Cholinesterase inhibitors and memantine
People with Down syndrome are of smaller stature and have differences in brain structure, cardiac conduction, and drug metabolism; hence, caution is required in extrapolating evidence from general population research into clinical practice. Cochrane Systematic Reviews report insufficient research into the treatment of Alzheimer’s disease in Down syndrome with acetylcholinesterase inhibitors, donepezil, rivastigmine and galantamine, and memantine, a glutamate N-methyl-d-aspartate (NMDA)-receptor antagonist (Mohan et al., 2009a, 2009b, 2009c, 2009d).

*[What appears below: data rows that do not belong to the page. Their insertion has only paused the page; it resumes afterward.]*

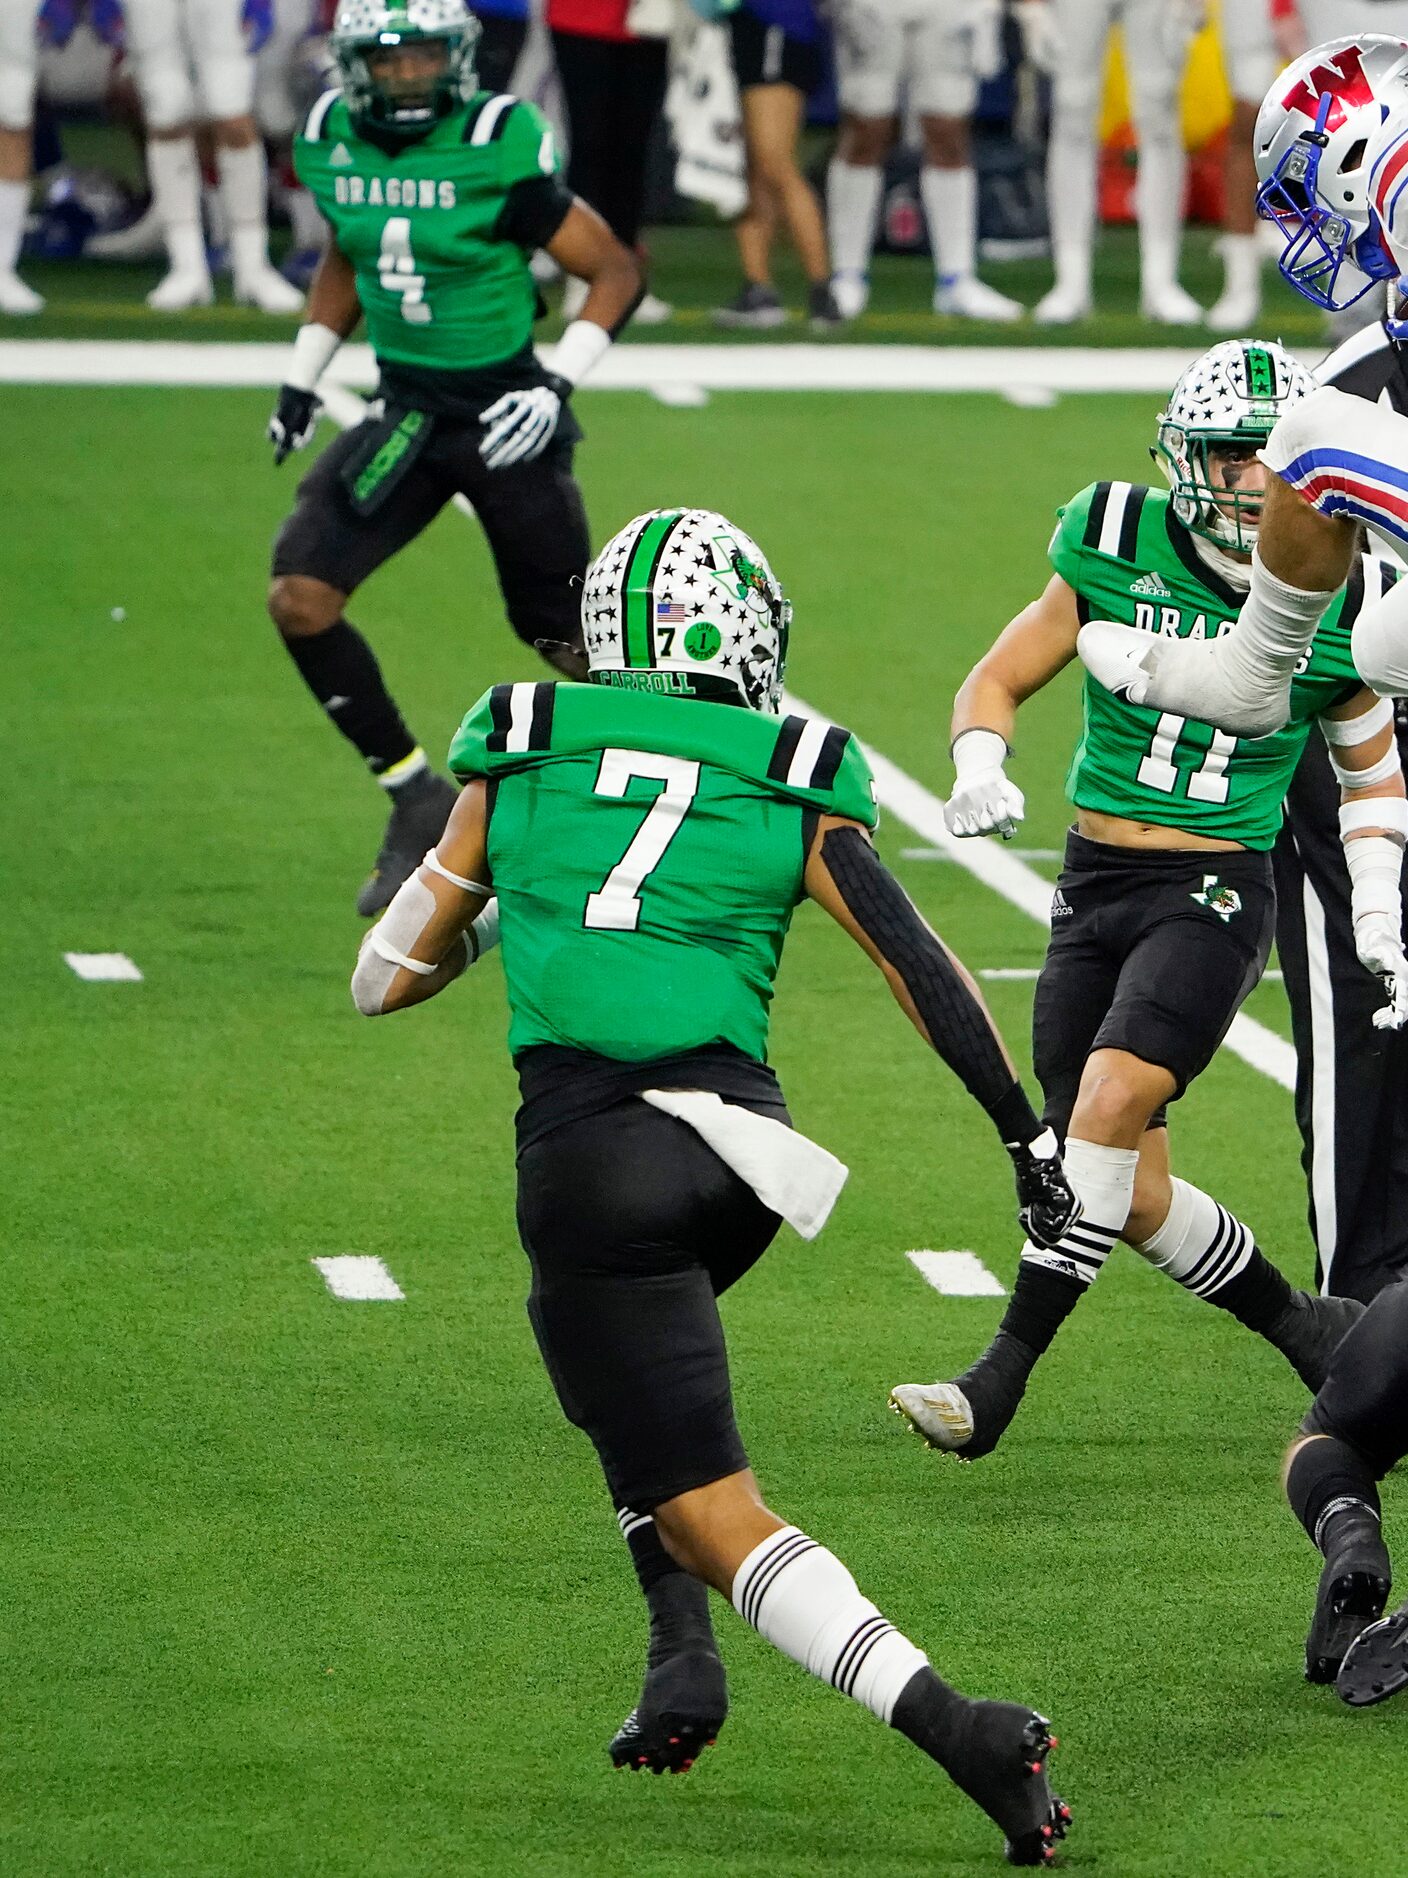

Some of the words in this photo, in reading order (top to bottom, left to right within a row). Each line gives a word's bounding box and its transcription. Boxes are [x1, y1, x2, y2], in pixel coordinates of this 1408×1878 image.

[1281, 45, 1375, 133] W
[335, 175, 456, 210] DRAGONS
[377, 216, 432, 325] 4
[1129, 582, 1171, 598] adidas
[657, 627, 677, 657] 7
[599, 671, 697, 695] CARROLL
[1137, 711, 1238, 806] 11
[582, 747, 703, 932] 7
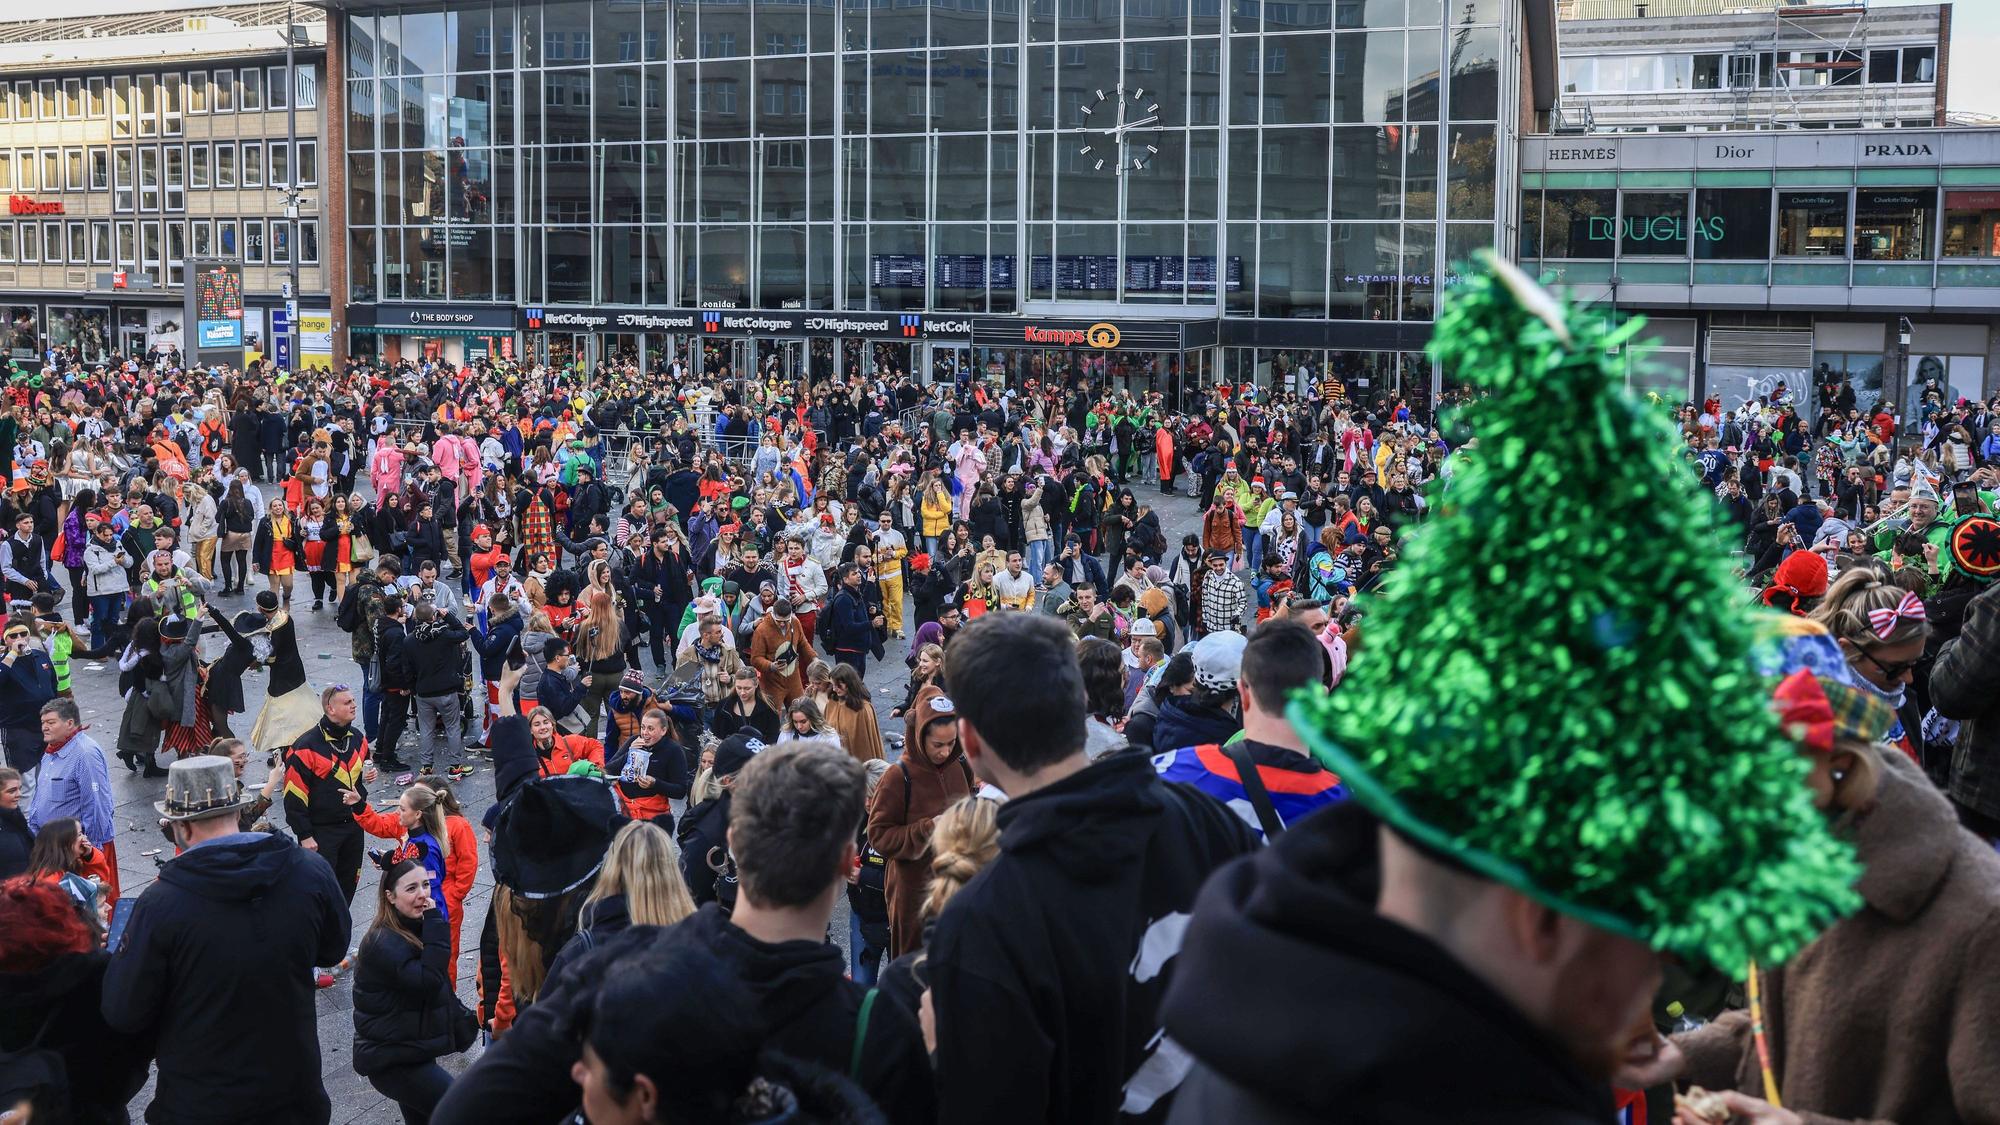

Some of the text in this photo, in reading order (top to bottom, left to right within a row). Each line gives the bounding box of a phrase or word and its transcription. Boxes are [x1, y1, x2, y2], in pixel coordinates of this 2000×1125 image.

[1715, 145, 1754, 159] Dior
[1865, 144, 1932, 156] PRADA
[1589, 216, 1724, 240] DOUGLAS
[421, 313, 473, 322] THE BODY SHOP
[545, 313, 694, 329] NetCologne Highspeed
[723, 317, 888, 332] NetCologne Highspeed
[1025, 325, 1085, 346] Kamps
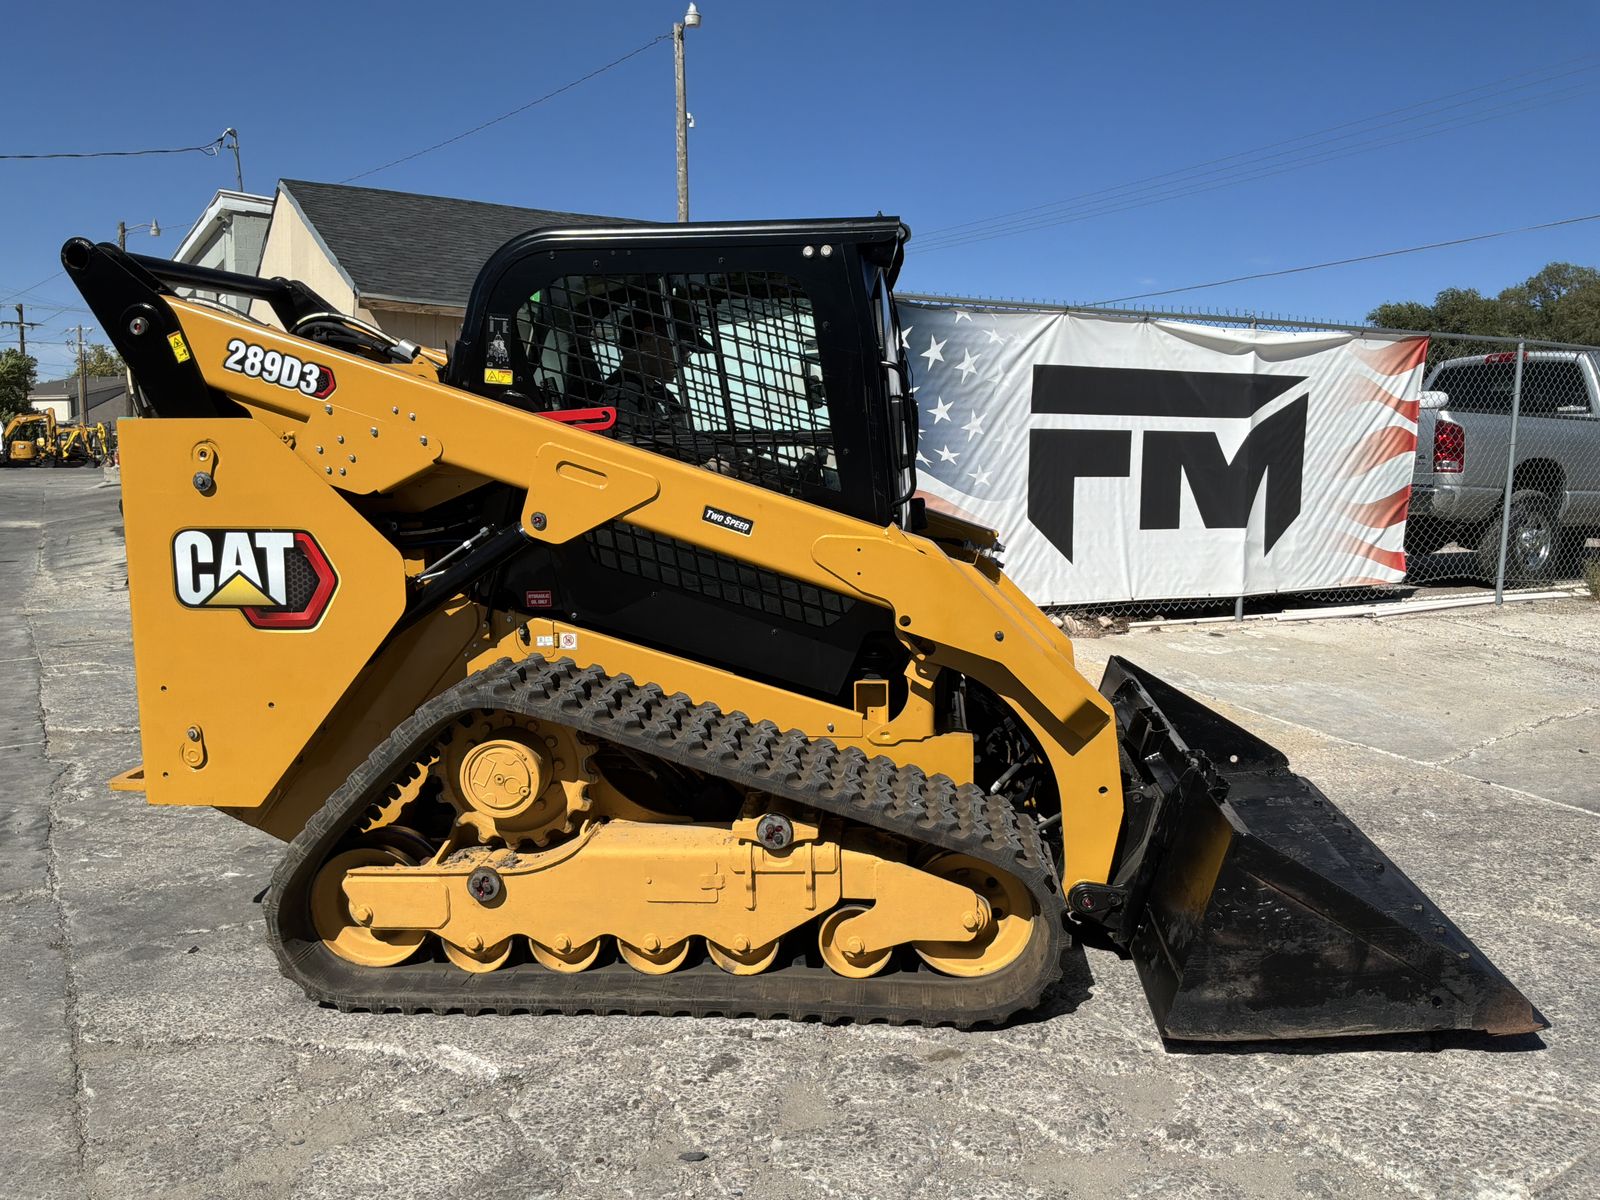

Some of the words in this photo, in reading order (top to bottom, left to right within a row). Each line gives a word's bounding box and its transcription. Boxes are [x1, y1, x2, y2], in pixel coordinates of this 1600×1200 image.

[224, 339, 320, 394] 289D3
[1027, 364, 1310, 565] FM
[724, 516, 750, 530] SPEED
[174, 530, 294, 606] CAT

Only one study met the inclusion criteria – a 24-week randomized double-blind placebo-controlled trial of donepezil 5–10 mg in 30 patients with Down syndrome and Alzheimer’s disease (Prasher et al., 2002). Improvements were not statically significant; however, significant benefits were found in the treatment group in an open-label extension study (Prasher et al., 2003). Improvements, or less rapid deterioration in cognition and functioning, have also been reported in small case series and non-randomized trials for donepezil (Lott et al., 2002; Boada-Rovira et al., 2005; Kondoh et al., 2005a) and rivastigmine (Prasher et al., 2005). In the absence of bradycardia and cardiac abnormalities, that are common in Down syndrome, cholinesterase inhibitors seem to be safe but not well tolerated. For equal doses of donepezil, people with Down syndrome have higher serum levels, which are associated with more adverse effects (Kondoh et al., 2005b), including fatigue, anorexia, nausea, vomiting, abdominal discomfort, diarrhoea, incontinence, insomnia, agitation, and muscle weakness (Prasher, 2004). Commencing at lower doses, with slow titration and dose adjustments, is recommended (Prasher, 2004). Memantine in adults with Down syndrome aged 40 years plus, with and without dementia, found memantine to be safe but of no benefit (Hanney et al., 2012). However, benefits have only been demonstrated for moderate to severe Alzheimer’s disease in the general population (McShane et al., 2006).